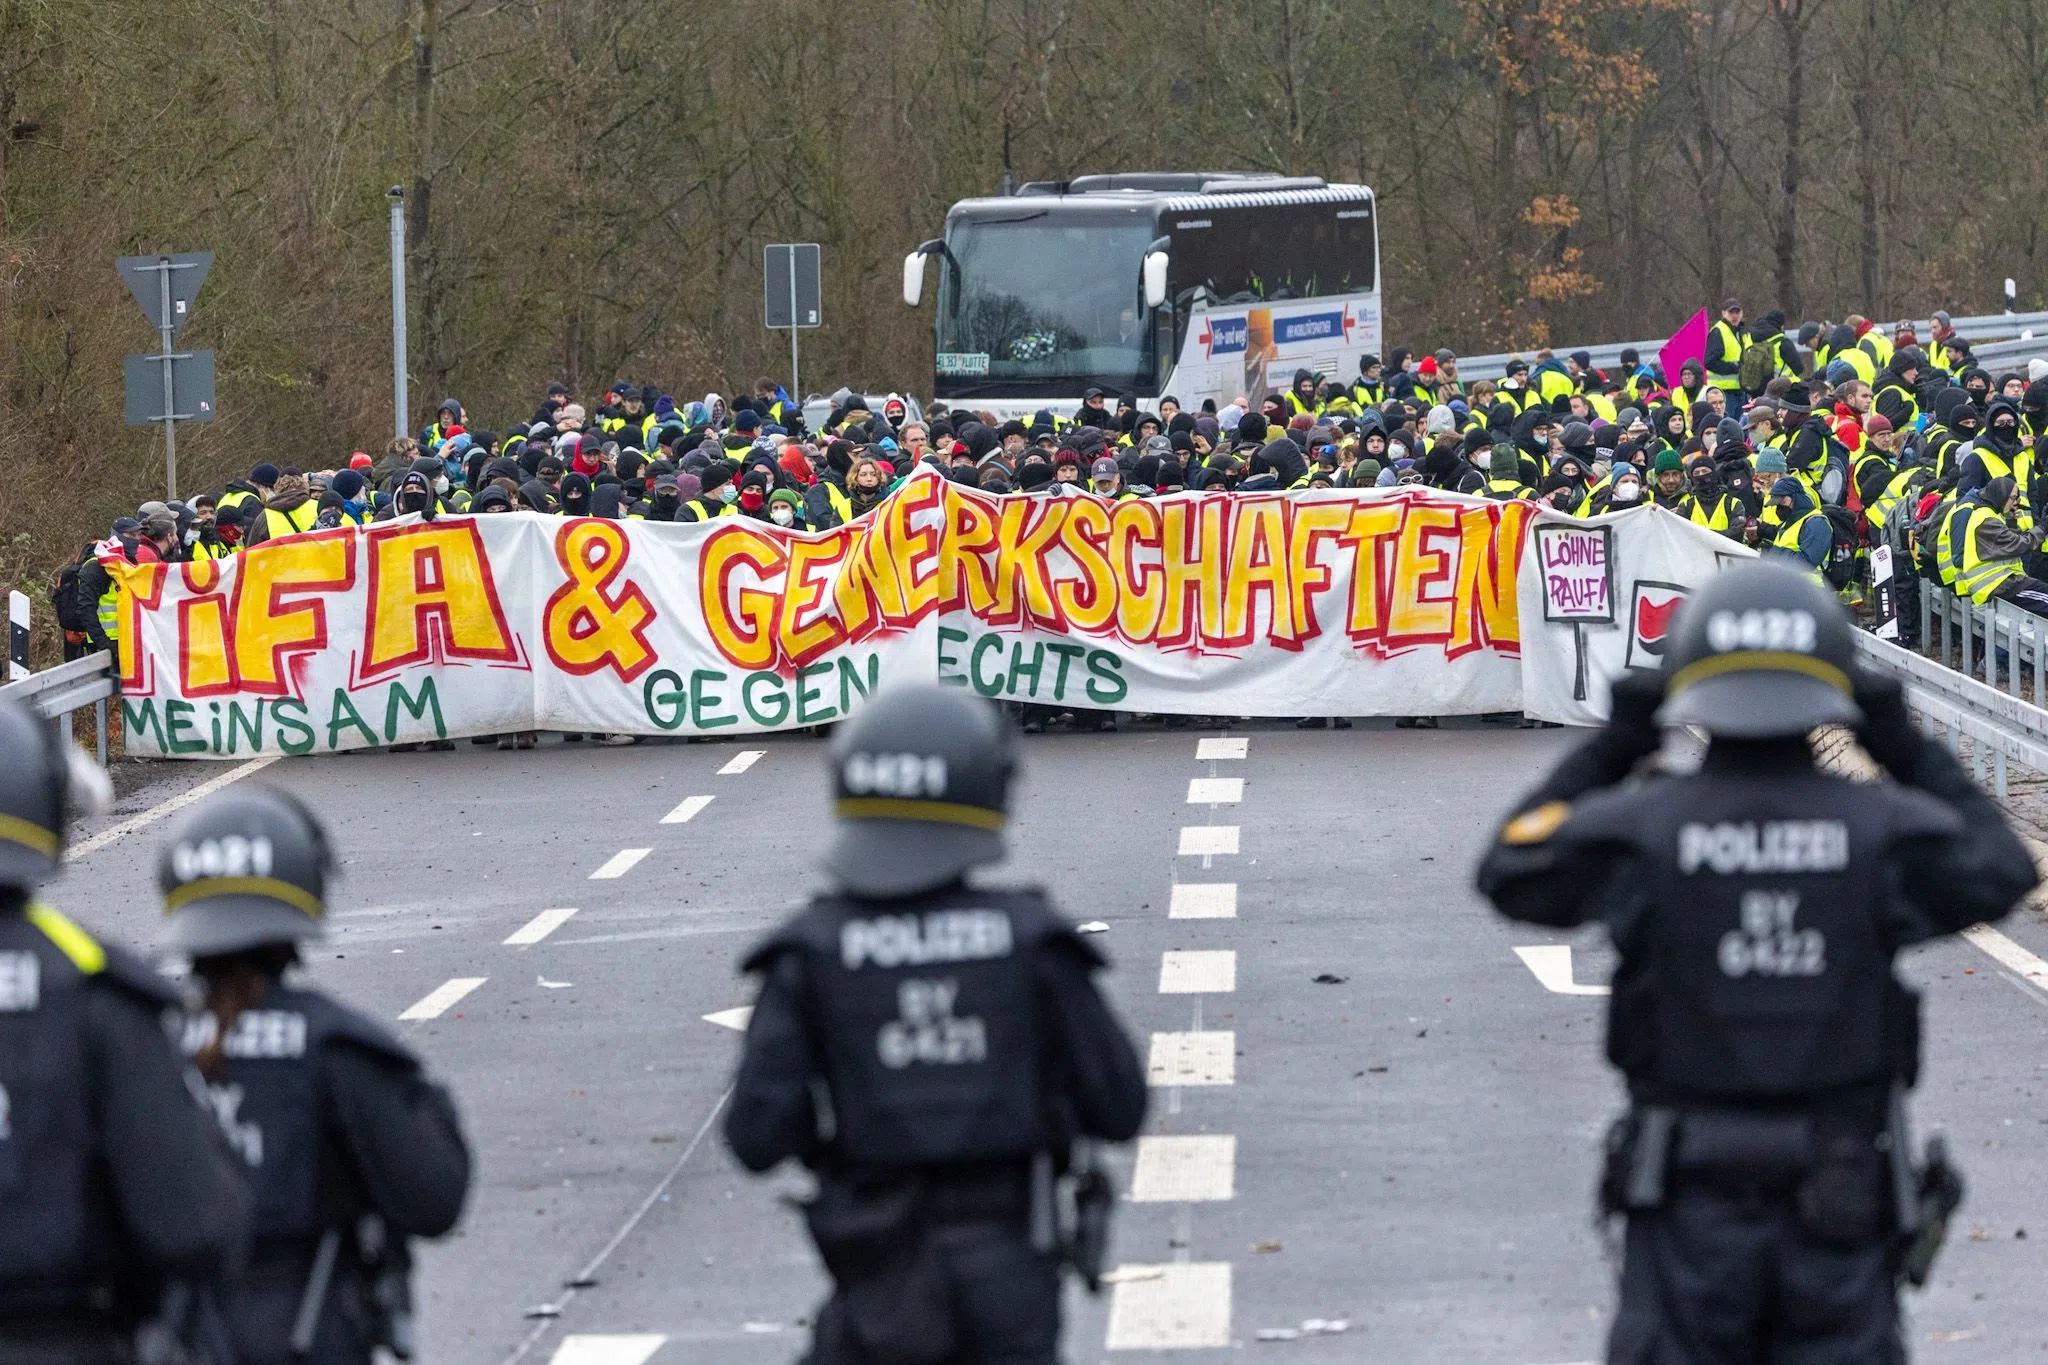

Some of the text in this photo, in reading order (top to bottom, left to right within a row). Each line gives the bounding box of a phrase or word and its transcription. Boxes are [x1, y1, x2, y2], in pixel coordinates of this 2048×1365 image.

[543, 516, 658, 684] &
[700, 473, 1540, 672] GEWERKSCHAFTEN
[1544, 532, 1606, 569] LÖHNE
[1548, 574, 1608, 613] RAUF!
[644, 653, 879, 730] GEGEN
[1678, 819, 1850, 876] POLIZEI
[840, 909, 1013, 969] POLIZEI
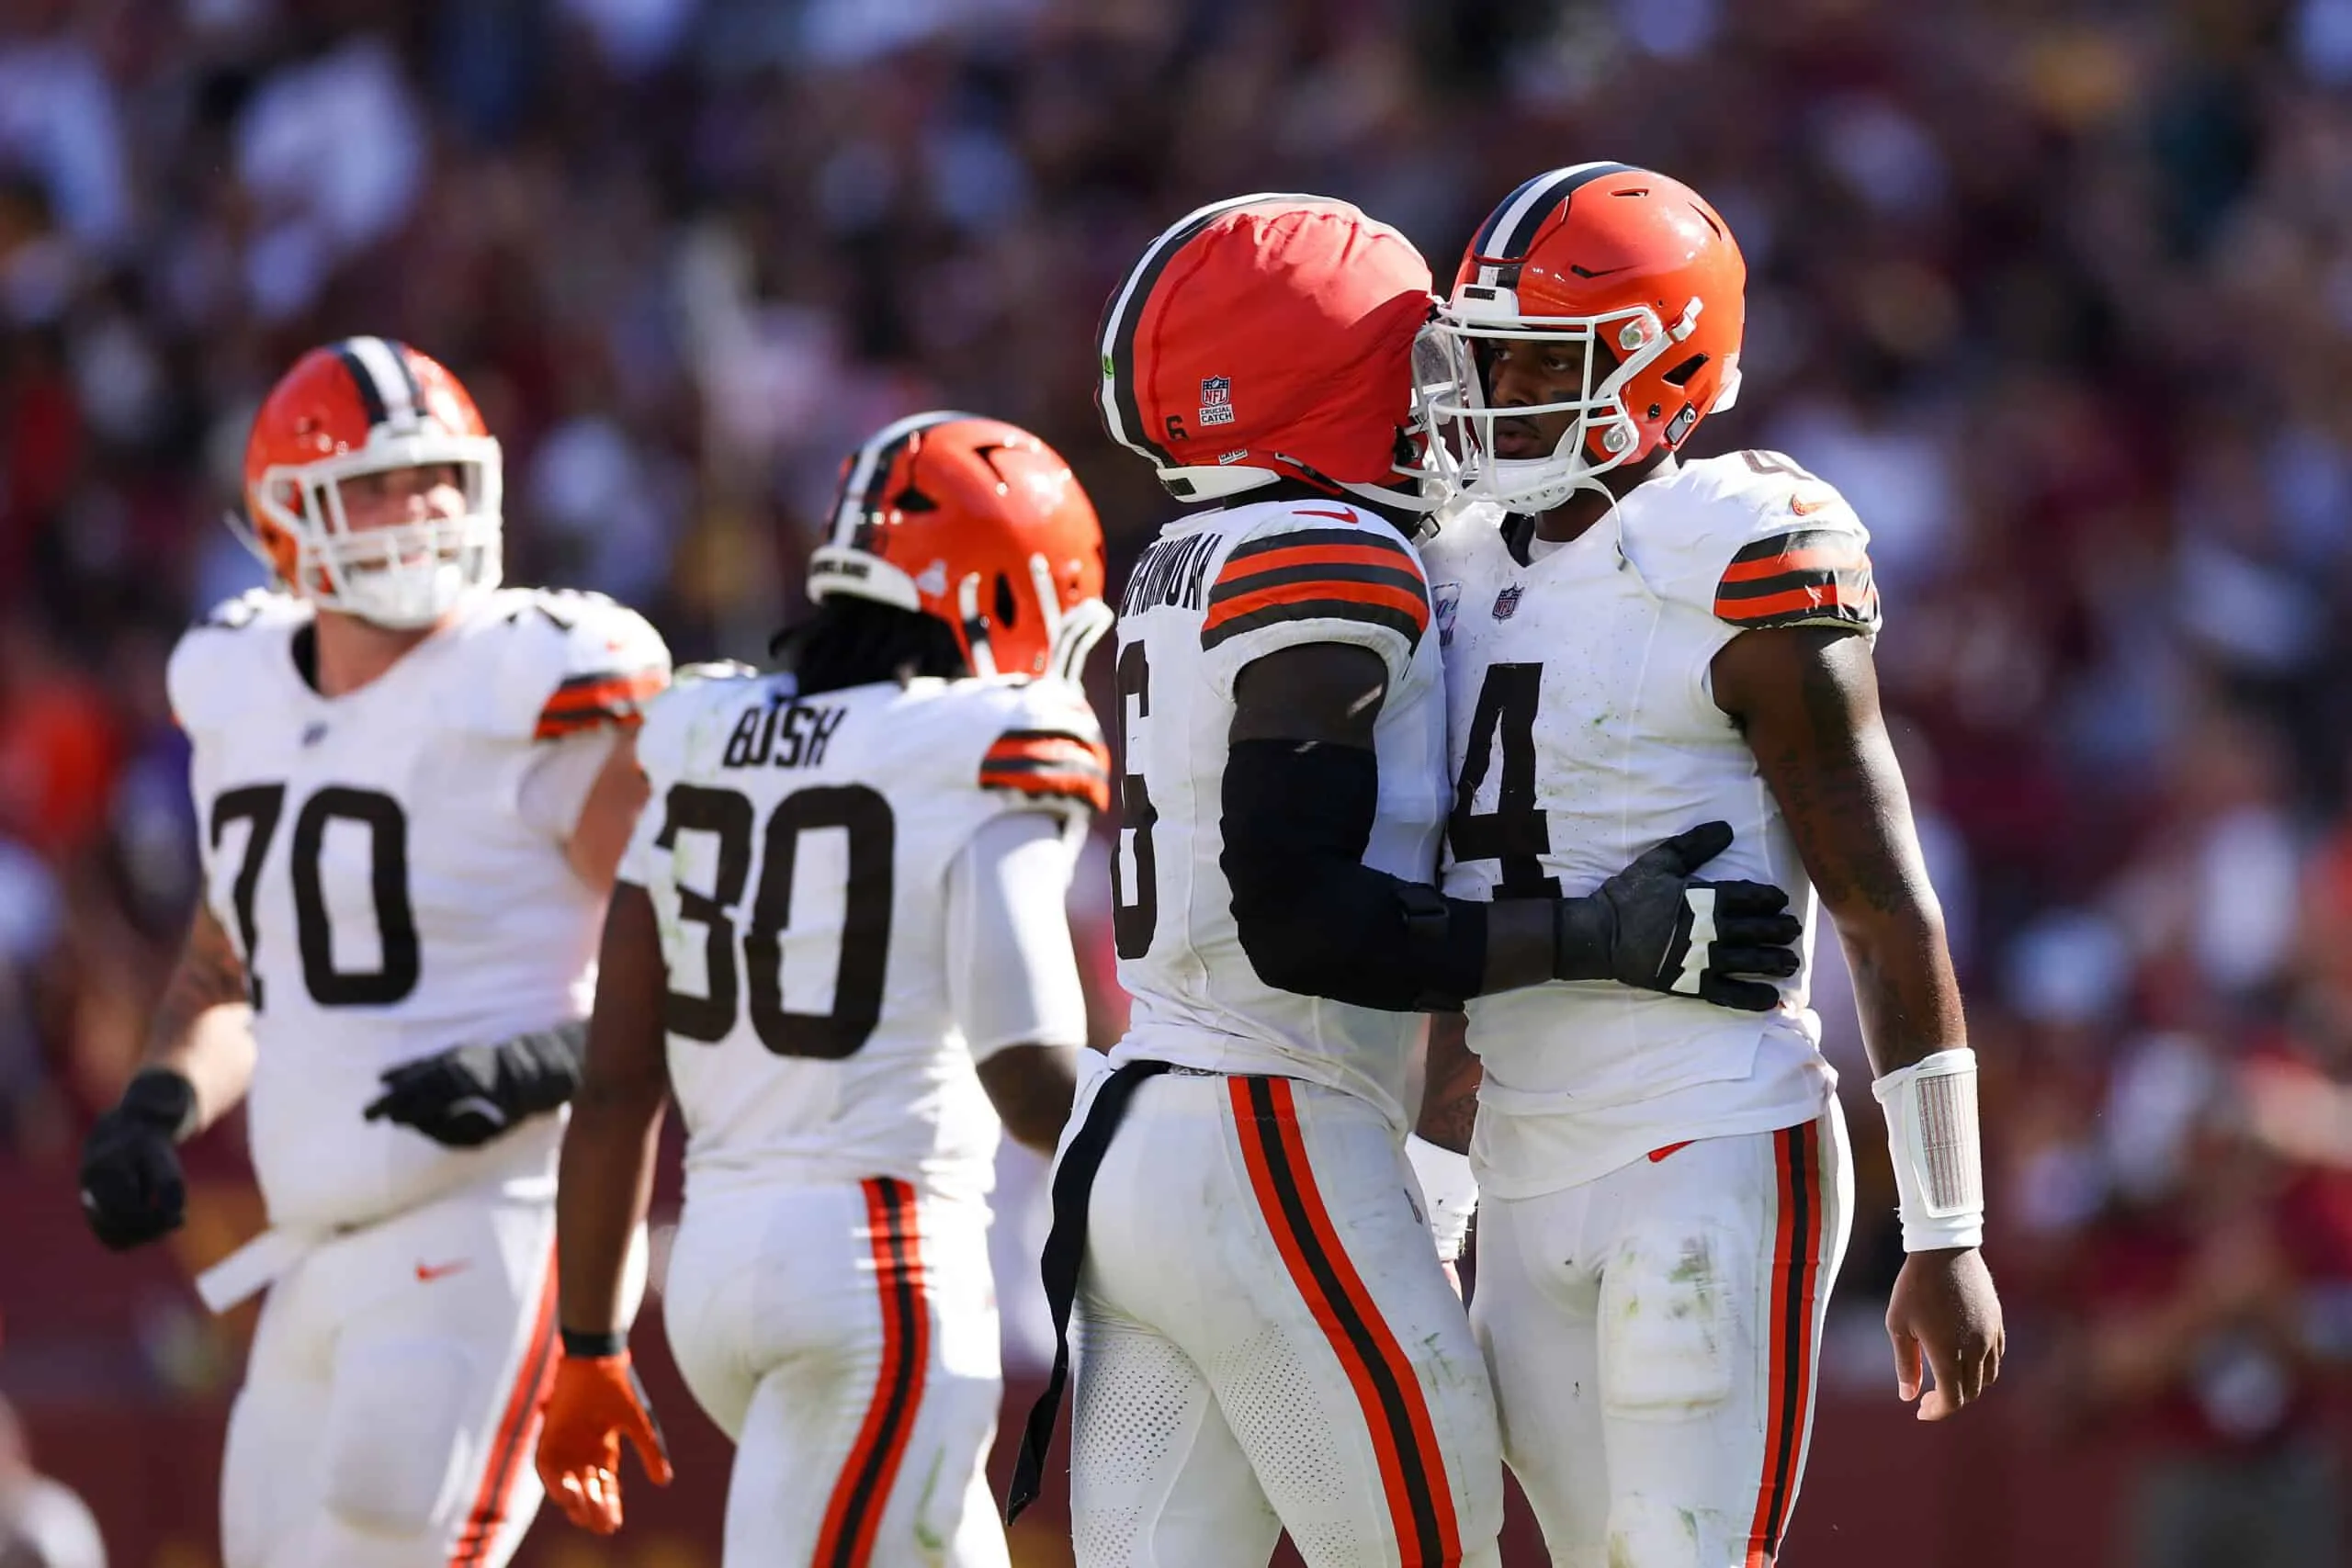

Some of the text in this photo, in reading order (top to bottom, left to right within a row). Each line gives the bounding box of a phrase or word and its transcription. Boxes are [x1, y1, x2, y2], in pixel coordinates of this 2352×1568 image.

[1200, 406, 1230, 415] CRUCIAL
[1204, 389, 1226, 404] NFL
[1201, 413, 1232, 423] CATCH
[1495, 600, 1513, 615] NFL
[722, 705, 848, 768] BUSH
[1448, 662, 1562, 899] 4
[211, 783, 419, 1013] 70
[655, 784, 896, 1061] 30
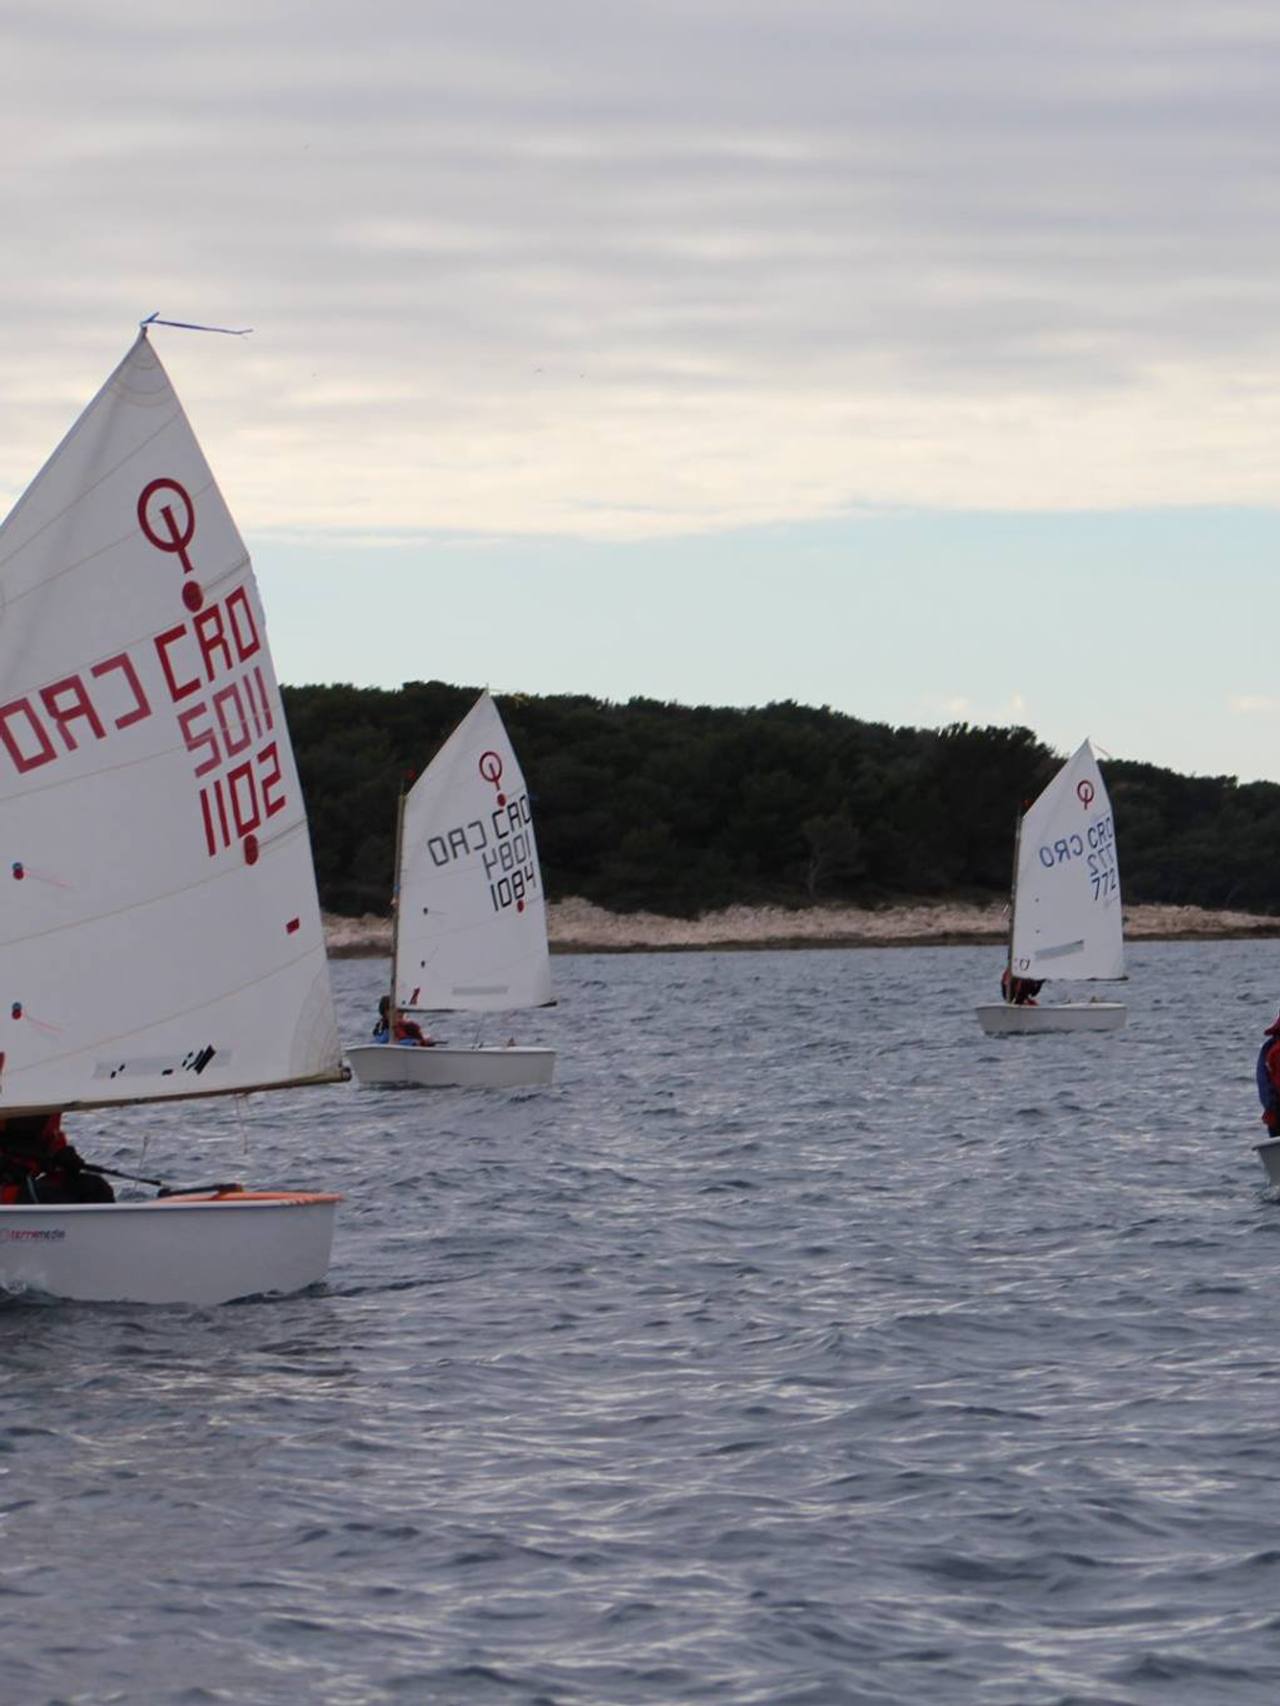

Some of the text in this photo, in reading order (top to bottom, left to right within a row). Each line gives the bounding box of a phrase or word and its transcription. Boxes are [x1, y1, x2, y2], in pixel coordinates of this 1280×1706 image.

What this task involves → Transcribe every entry word for word, excluding images.

Task answer →
Some of the text in this photo, in reading order (top to bottom, left to right within a row). Each line gives the bounding box of a phrase or word and its transcription. Boxes are [x1, y1, x2, y2], in pixel coordinates of this 2048×1365 image.

[543, 516, 658, 684] &
[700, 473, 1540, 672] GEWERKSCHAFTEN
[1544, 532, 1606, 569] LÖHNE
[1548, 574, 1608, 613] RAUF!
[644, 653, 879, 730] GEGEN
[1678, 819, 1850, 876] POLIZEI
[840, 909, 1013, 969] POLIZEI

Some of the text in this photo, in reading order (top to bottom, left to right within a row). Each line gives the bounding box of a phrase or word and its transcription. Boxes are [x1, y1, x2, y2], in pixel coordinates of this 2352×1568 image.

[1200, 406, 1230, 415] CRUCIAL
[1204, 389, 1226, 404] NFL
[1201, 413, 1232, 423] CATCH
[1495, 600, 1513, 615] NFL
[722, 705, 848, 768] BUSH
[1448, 662, 1562, 899] 4
[211, 783, 419, 1013] 70
[655, 784, 896, 1061] 30

Some of the text in this photo, in reading order (top to bottom, left to right within a row). Each line gives the bounding box of a phrase or word and its transcription. Boxes are [x1, y1, x2, y2], in pixel coordinates of this 1280×1706 image.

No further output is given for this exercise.